What’s that sound you hear? Just me and thousands of other parents, collectively screaming into the void.


This situation is ridiculous, and it goes against every credible medical recommendation we’ve seen. A much-publicized Sick Kids report stated, “Our recommendation from an overall health perspective is that children and youth return to a daily school model with risk mitigation strategies in place.” These mitigation strategies were clearly outlined within the report and included smaller class sizes, symptom screening, wearing face masks, student cohorting, handwashing, ventilation and social distancing. It recognizes that while two metres is the standard recommendation for social distancing, a minimum of one metre may be more achievable in elementary schools. In reality, when you’re looking at overcrowded classrooms, you’d be lucky to get a solid half metre between desks.

Kelly Iggers is a parent and a teacher-librarian with the Toronto District School Board (TDSB) who has been advocating for a safe September. “I was shattered by the provincial government's plan to return with no reduction in class sizes,” Iggers explains, noting that she’d been “naively optimistic” before details were announced. (In fairness, Lecce himself stated on camera that classes would likely resume in an adaptive model with “no more than 15 students” in a room.) Iggers started a petition asking Ford and Lecce to reduce class sizes in order to allow for proper social distancing measures. At present, the petition has over 250,000 signatures and has led to the formation of OntarioSafe, a volunteer-led group advocating for safe and equitable conditions in public schools.
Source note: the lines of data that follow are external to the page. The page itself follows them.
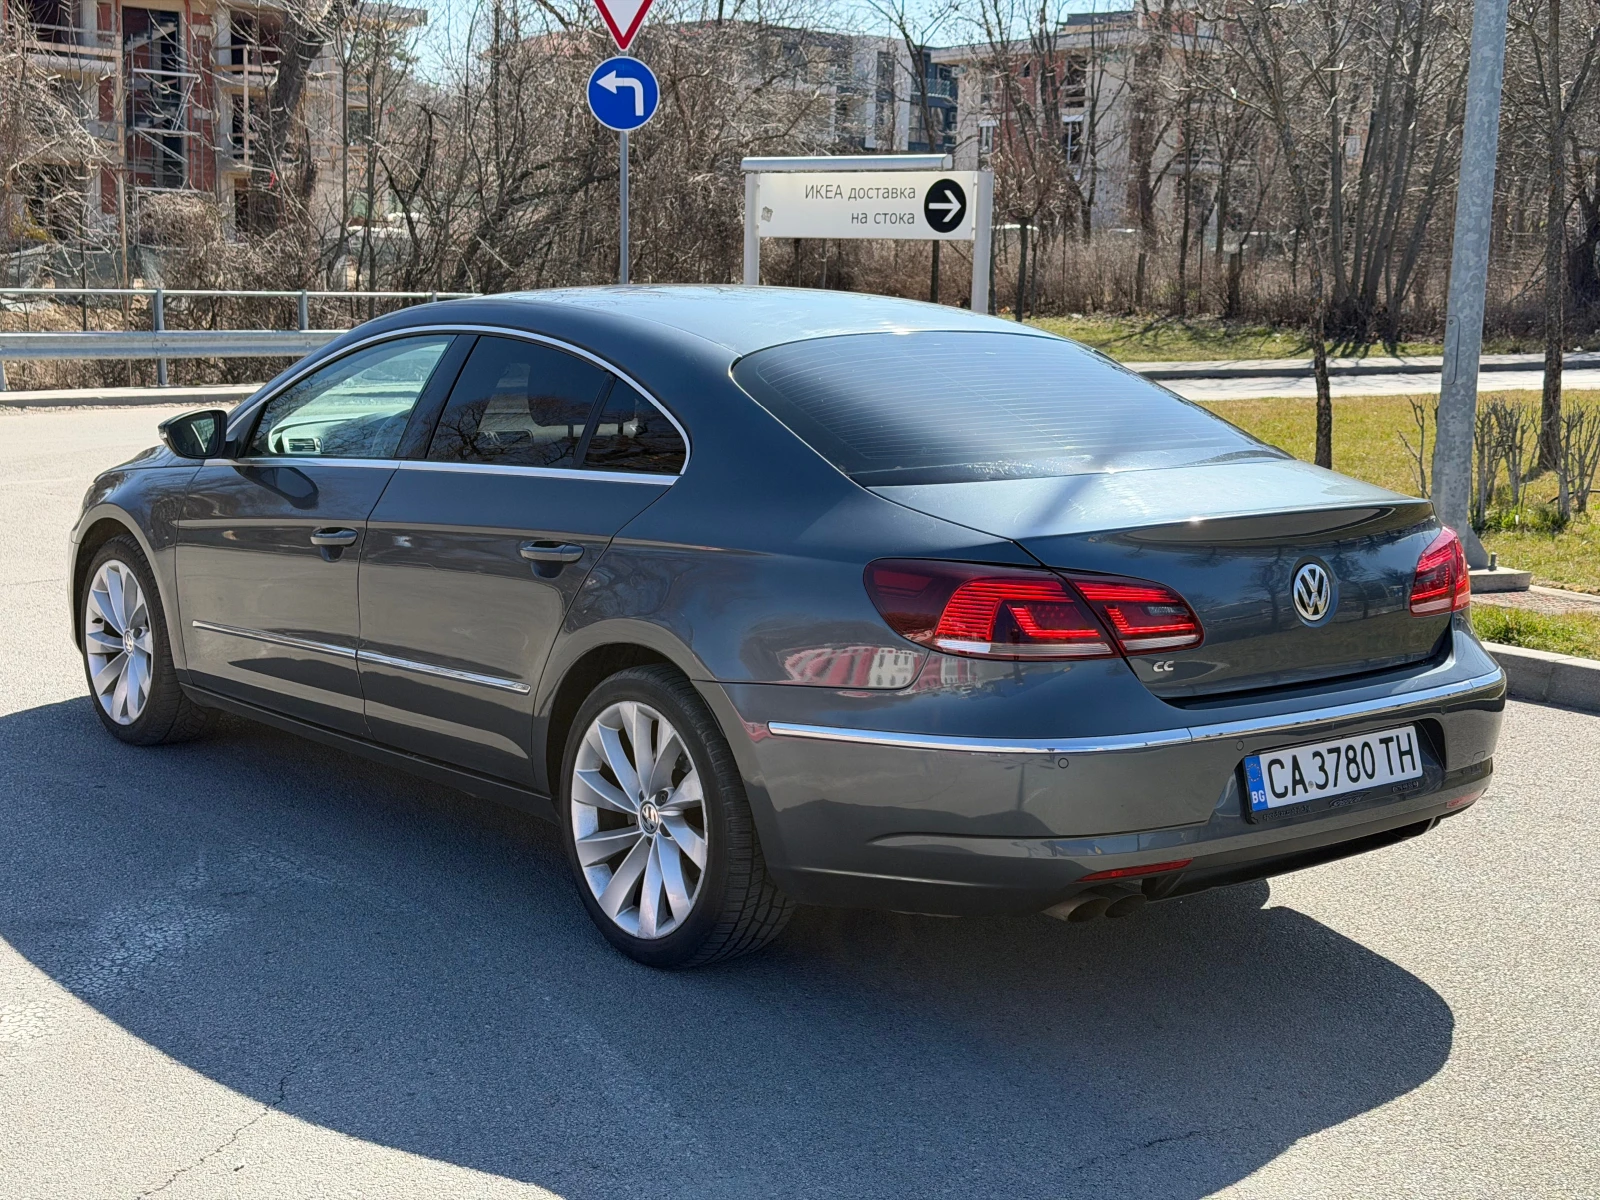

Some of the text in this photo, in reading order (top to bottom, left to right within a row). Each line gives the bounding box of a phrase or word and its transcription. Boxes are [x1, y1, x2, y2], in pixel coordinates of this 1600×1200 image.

[805, 184, 916, 201] ИКЕА доставка
[851, 212, 915, 225] на стока
[1152, 660, 1174, 672] CC
[1267, 733, 1417, 799] CA 3780 TH
[1251, 789, 1266, 803] BG
Not only is Iggers seriously concerned about a lack of adequate health protections for children, educators and their families, she recognizes the impact that safe school reopenings could have on our economy. “The current situation has forced many parents—particularly women—to give up or reduce their employment,” she says. “It's also crucial to point out that the pandemic has disproportionately impacted marginalized communities in Ontario. A safe school reopening plan is needed for all Ontarians, but it is particularly needed so that we do not deepen these inequities that we are already seeing.”

Instead of focusing efforts on a safe, successful reopening of the Ontario public school system, government officials are passing the buck while Ford asserts that he “won’t hesitate” to initiate a second shutdown if COVID-19 outbreaks hit schools (a notion that strikes fear into the heart of every economically vulnerable working parent). Instead of prevention, we’re getting PR from Lecce and a misguided call for prayers from Ford. It’s not enough, and it’s not okay.


September is here and instead of feeling excited, I’m angry. Parents around the province are making noise and if it continues, I hope we’ll eventually be heard. Ontario doesn’t need another sudden reaction to crisis—we need evidence-based, proactive measures now. Smaller is safer, and it can be done. Our kids and communities deserve it.